Dataset records START

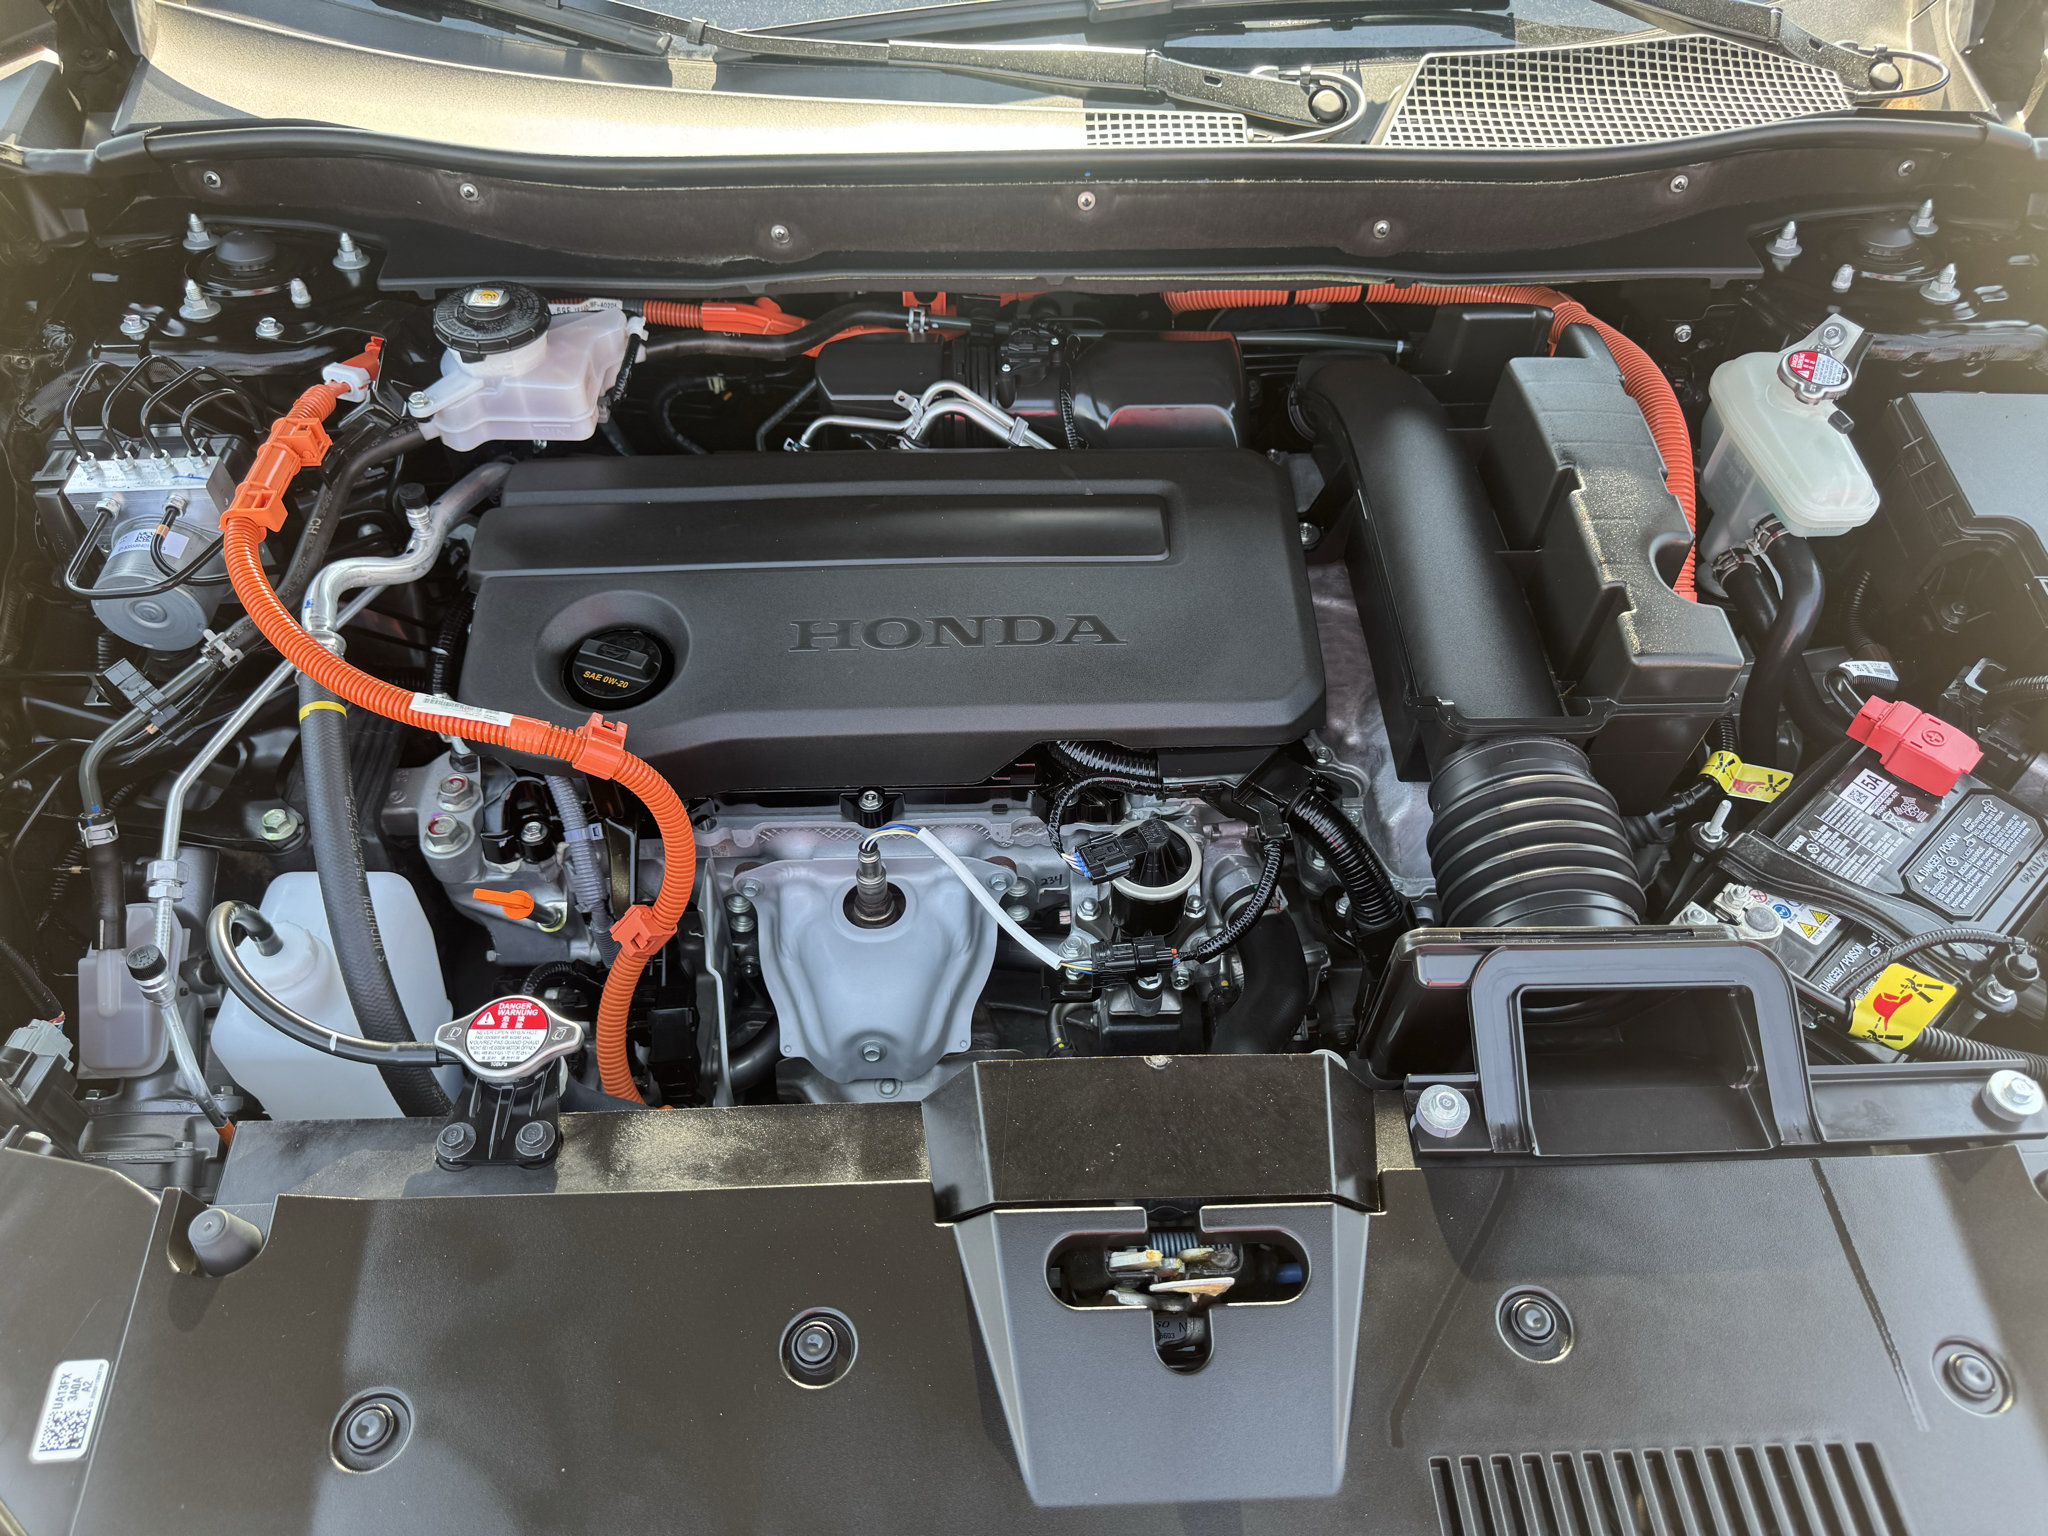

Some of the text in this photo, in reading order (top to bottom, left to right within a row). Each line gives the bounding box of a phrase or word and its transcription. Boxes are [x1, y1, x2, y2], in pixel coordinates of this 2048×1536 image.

[788, 614, 1128, 652] HONDA
[583, 671, 629, 689] SAE 0W-20
[1860, 774, 1884, 791] 5A
[1041, 874, 1062, 886] 234
[53, 1373, 73, 1410] UA13FX
[81, 1380, 93, 1393] A2

Dataset records END

## Task to complete
Word for word, retype all of the data above, but include no pictures.

## Written solution
Some of the text in this photo, in reading order (top to bottom, left to right within a row). Each line gives the bounding box of a phrase or word and its transcription. Boxes are [x1, y1, x2, y2], in pixel coordinates of this 2048×1536 image.

[788, 614, 1128, 652] HONDA
[583, 671, 629, 689] SAE 0W-20
[1860, 774, 1884, 791] 5A
[1041, 874, 1062, 886] 234
[53, 1373, 73, 1410] UA13FX
[81, 1380, 93, 1393] A2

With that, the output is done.